Segment Start: DATA SHOWN
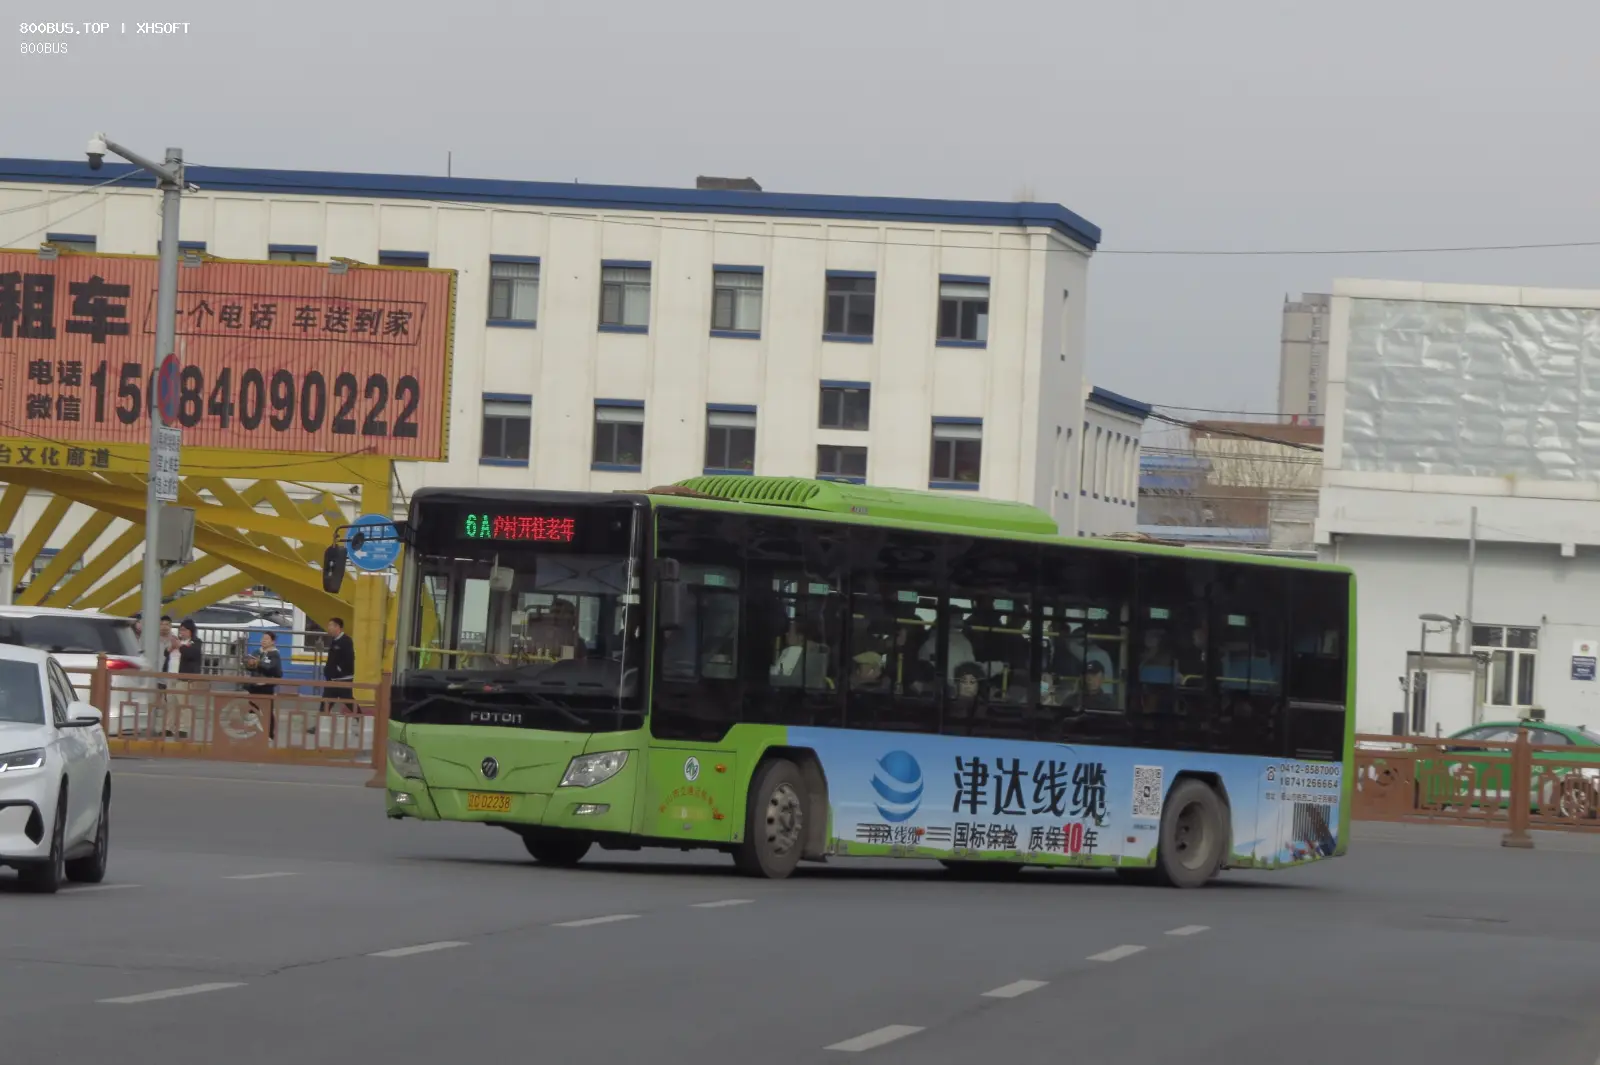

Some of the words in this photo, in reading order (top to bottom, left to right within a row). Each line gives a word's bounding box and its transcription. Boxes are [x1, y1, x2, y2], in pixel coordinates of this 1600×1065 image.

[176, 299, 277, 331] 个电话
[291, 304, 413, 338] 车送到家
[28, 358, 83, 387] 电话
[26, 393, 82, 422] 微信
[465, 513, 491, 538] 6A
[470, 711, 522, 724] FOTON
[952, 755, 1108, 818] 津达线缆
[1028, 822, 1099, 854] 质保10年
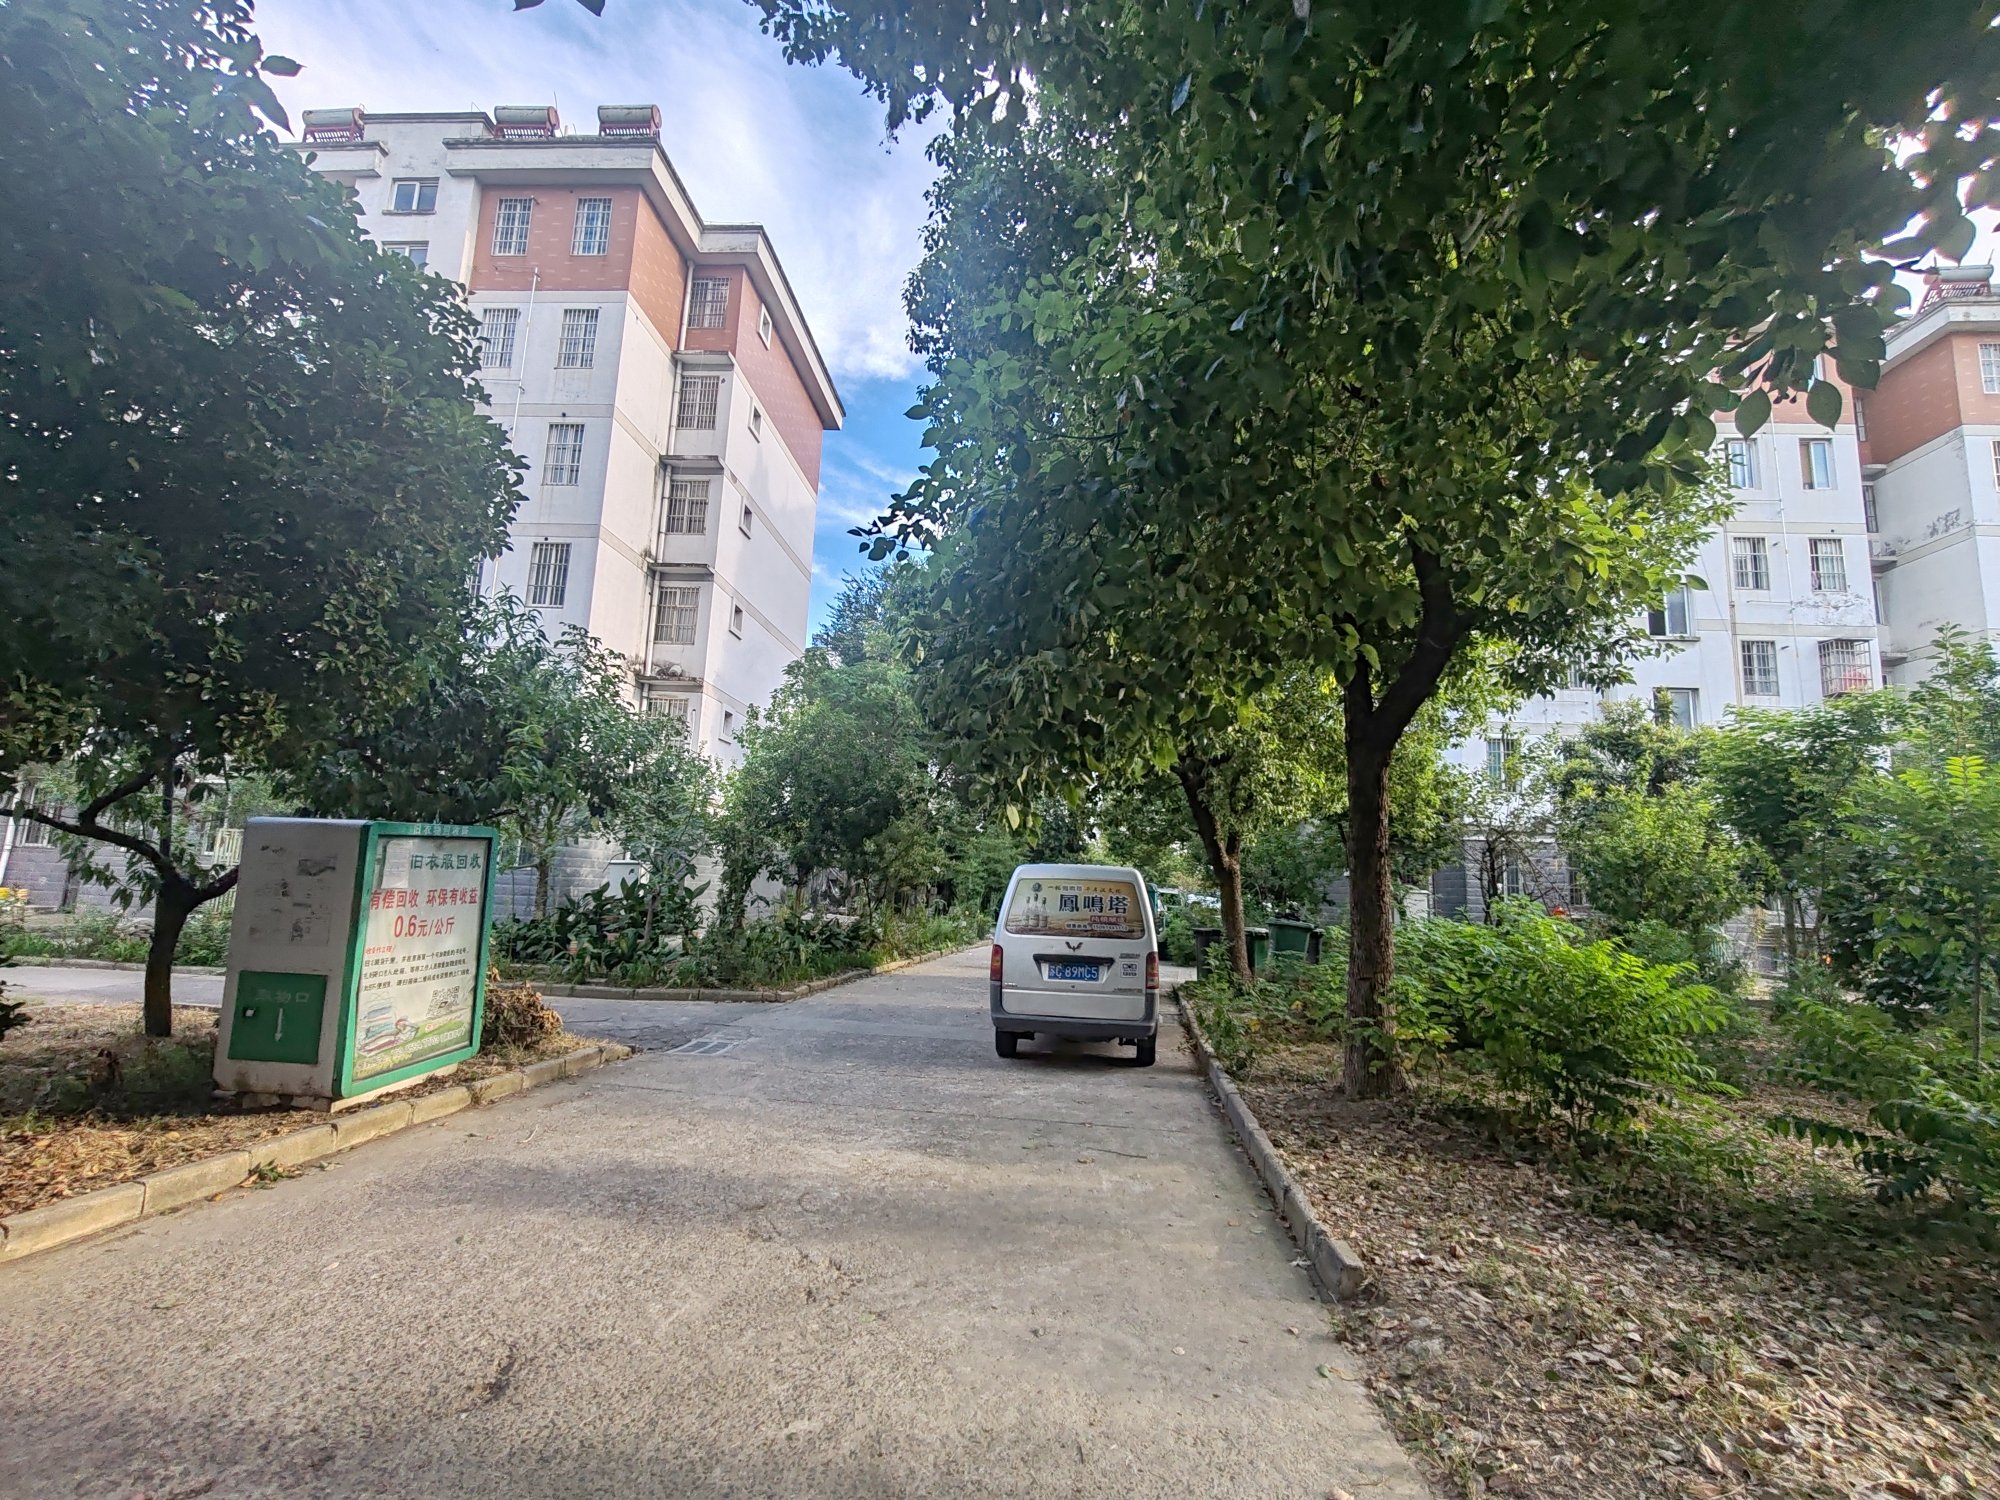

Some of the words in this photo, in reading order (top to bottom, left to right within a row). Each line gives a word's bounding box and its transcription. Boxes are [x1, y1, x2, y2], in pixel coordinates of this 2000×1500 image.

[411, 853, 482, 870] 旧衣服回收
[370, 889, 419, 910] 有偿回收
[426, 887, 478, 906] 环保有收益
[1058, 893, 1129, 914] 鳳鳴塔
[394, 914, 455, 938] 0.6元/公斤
Segment End: DATA SHOWN
WHAT IS BEING ASKED: An exact copy of the listing is required, excluding any pictures.

ANSWER FOR THE TASK:
Some of the words in this photo, in reading order (top to bottom, left to right within a row). Each line gives a word's bounding box and its transcription. Boxes are [x1, y1, x2, y2], in pixel coordinates of this 1600×1065 image.

[176, 299, 277, 331] 个电话
[291, 304, 413, 338] 车送到家
[28, 358, 83, 387] 电话
[26, 393, 82, 422] 微信
[465, 513, 491, 538] 6A
[470, 711, 522, 724] FOTON
[952, 755, 1108, 818] 津达线缆
[1028, 822, 1099, 854] 质保10年

Some of the words in this photo, in reading order (top to bottom, left to right within a row). Each line gives a word's bounding box and its transcription. Boxes are [x1, y1, x2, y2], in pixel coordinates of this 2000×1500 image.

[411, 853, 482, 870] 旧衣服回收
[370, 889, 419, 910] 有偿回收
[426, 887, 478, 906] 环保有收益
[1058, 893, 1129, 914] 鳳鳴塔
[394, 914, 455, 938] 0.6元/公斤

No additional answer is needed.